Gastón Ramírez..- La tarde de ayer tiene ya el sello de lo inolvidable.
Habrá que esperar a ver cómo se titula en nuestras memorias: ¿La tarde de la faena sin música? ¿La tarde del Juampedro y la vuelta?
Ya se verá y es lo de menos. Lo importante es que ahora mismo, lo que le ha hecho José Antonio Morante al primero de su lote ha borrado todo lo que de bueno o hasta superior ha habido en la Feria.

¿Por qué? Porque no se puede torear con más verdad, más clasicismo y más inspiración.

El toro de Juan Pedro era débil y se revolvía muy en corto. Sólo un torero dispuesto a meterse en ese terreno en el que al toro no le queda otra más que embestir podía realizar el milagro de la faena grande.
Morante lo hizo, consciente y decidido, lanzándose a la conquista de algo desconocido, algo que podía fácilmente terminar en un tabaco gordo o en un triunfo indiscutible.
La poca bravura del toro le alcanzó para encastarse y pelear de manera emocionante, mientras el mejor Morante -o sea, el de siempre- se lo enroscaba en la cintura, jugándose la barriga y toreando hacia adentro.

Todavía flotan en mi mente los naturales a pies juntos en un palmo, templados y perfectos; los eternos pases de pecho; las trincherillas; los derechazos, en fin… Sin olvidar dos verónicas resplandecientes y una media que escrita llevaría mil signos de admiración. El figurón de La Puebla del Río imprime a su toreo una sensibilidad, una intuición y un sentido de la geometría que, aunados a ese valor seco y sin aspavientos, desembocan en el toreo puro.

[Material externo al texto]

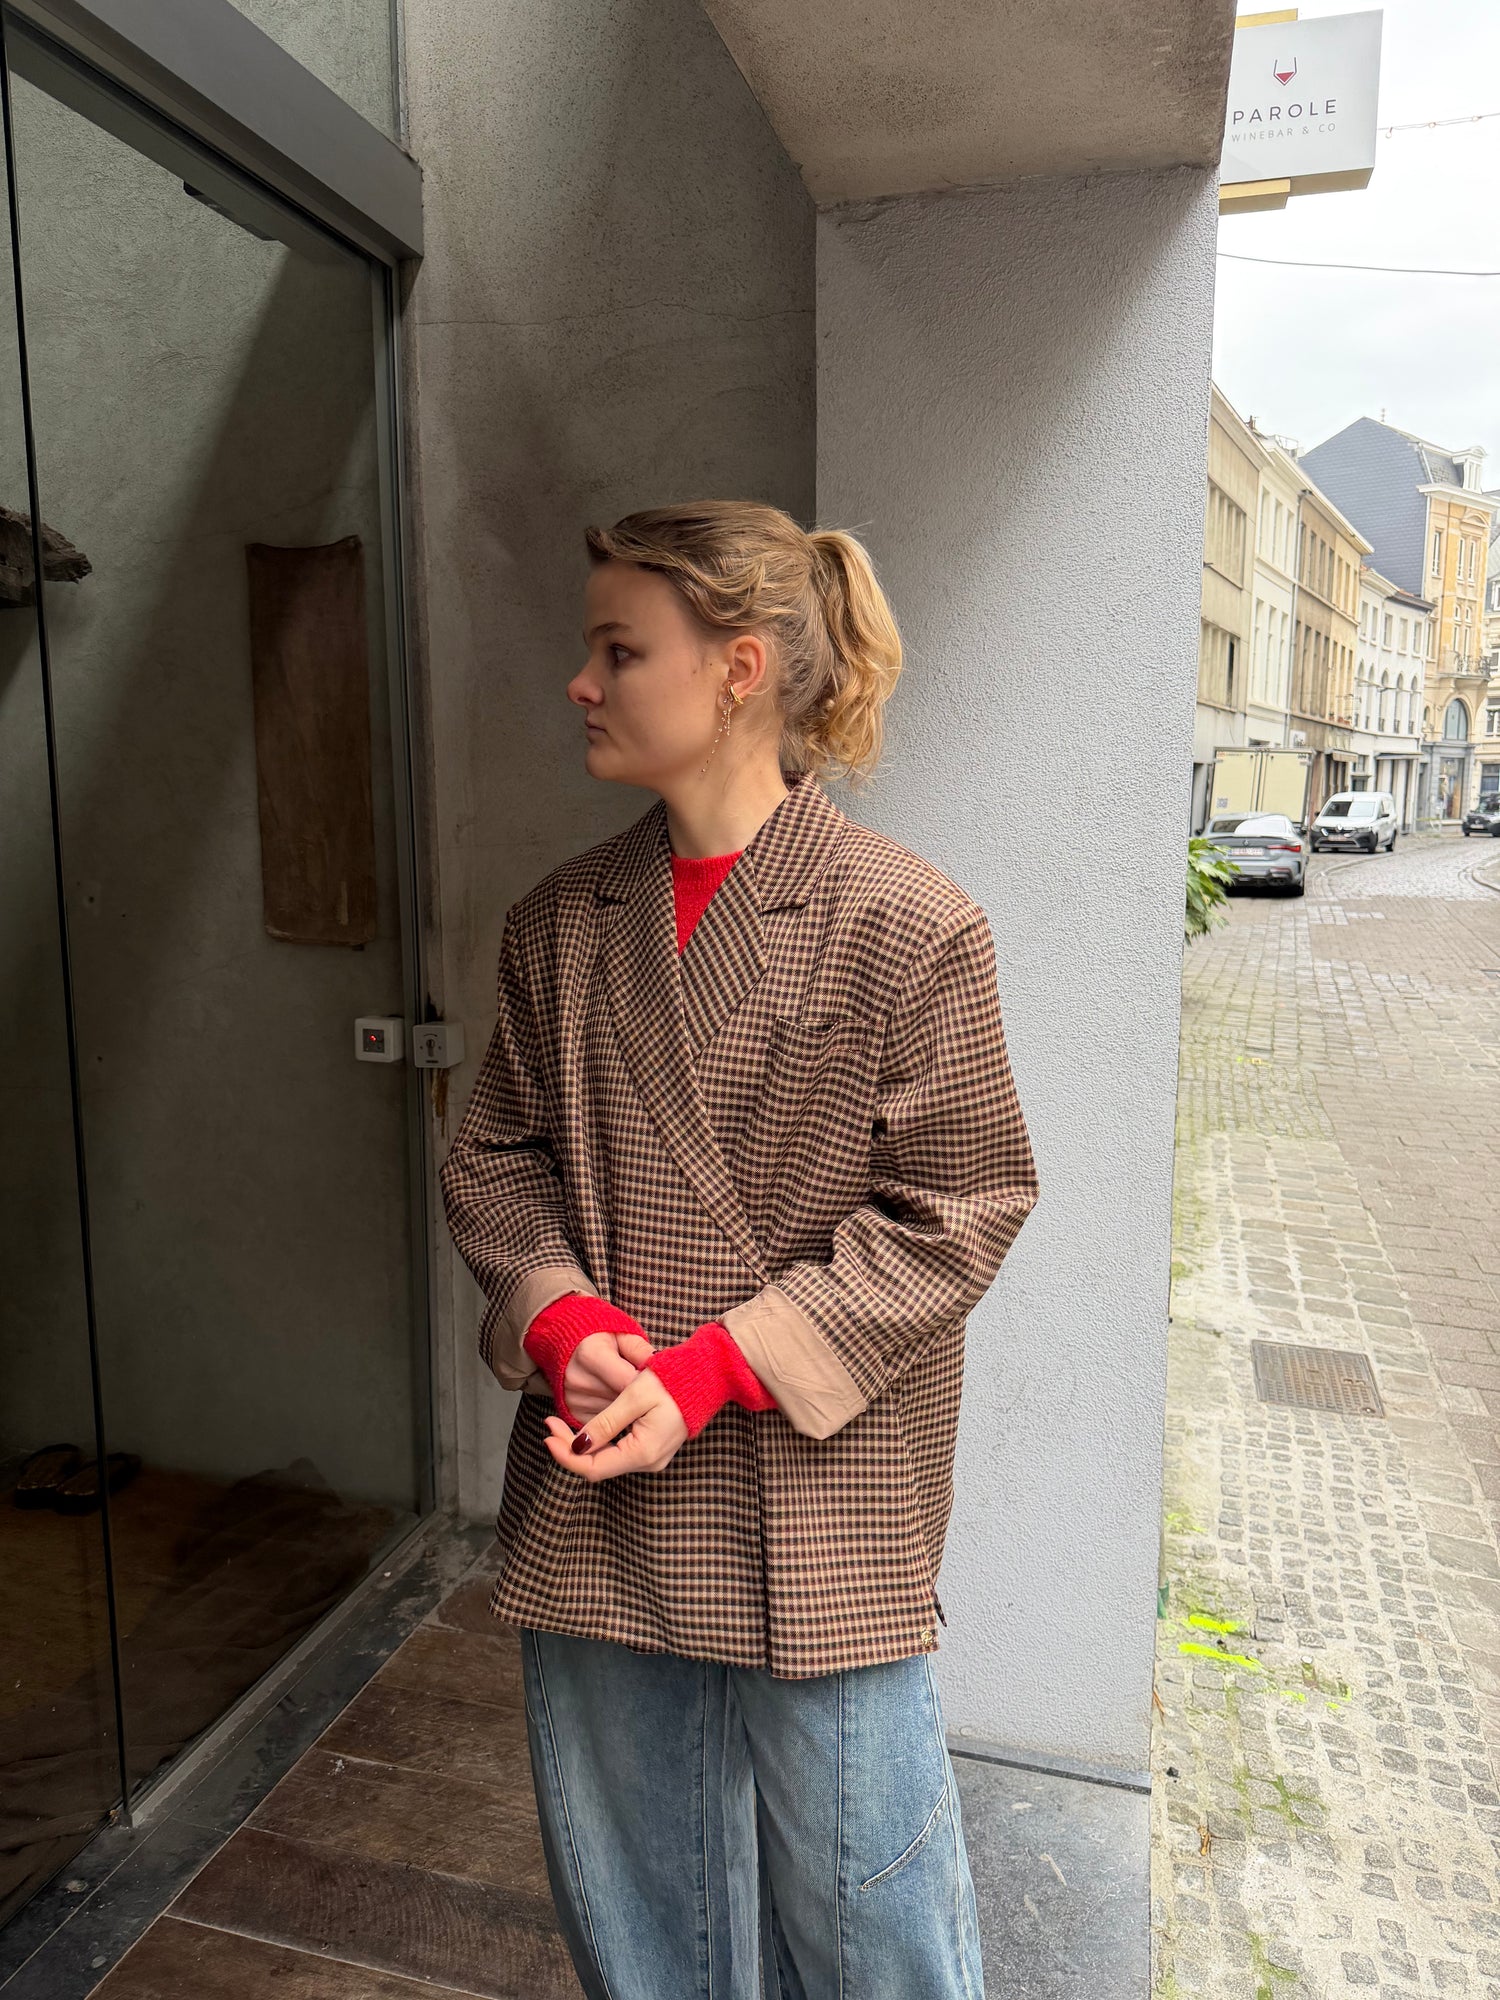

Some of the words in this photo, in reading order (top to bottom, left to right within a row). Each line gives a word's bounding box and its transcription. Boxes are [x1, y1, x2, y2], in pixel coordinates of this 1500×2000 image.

De algún modo, es afortunado que el toro se le haya pasado un poco de faena y que haya necesitado hasta de un golpe de verduguillo para pasaportar al torito, pues de otra manera, el personal de las salas de urgencias hospitalarias de Sevilla no se hubiera dado abasto para atender tantos casos de infartos y vahidos galopantes, entre los que sin duda me hubiesen podido contar. Y eso que a Morante no le salió por toriles ni un sólo toro claro en sus cuatro comparecencias en La Maestranza ¡que conste!

Sería injusto cerrar el texto sin alabar las verónicas y las gaoneras del toricantano Nazaré, así como su entrega en el sexto, jugándose el pellejo.

Y aunque la nota finalice con la otra cara de la Fiesta, la que mueve a la desesperanza, el desencanto y la suspicacia, no puedo dejar de decir que los pupilos de Juan Pedro Domecq dan cada vez más lástima por su debilidad y por su falta de raza. Cinco toros pitados en el arrastre es como para salir a la calle disfrazado por lo menos un par de semanas.
Y de Ponce ¿qué se puede decir? Que torear para afuera y aburrir al respetable son los leitmotifs del valenciano desde hace tiempo, y que la décimotercera de abono no fue la excepción.

Todo lo ocurrido en la tarde de ayer es una buena prueba de que para algunos, como Morante, el número trece trae suerte; mientras que, para todos los otros implicados, el festejo número catorce menos uno resultó nefario.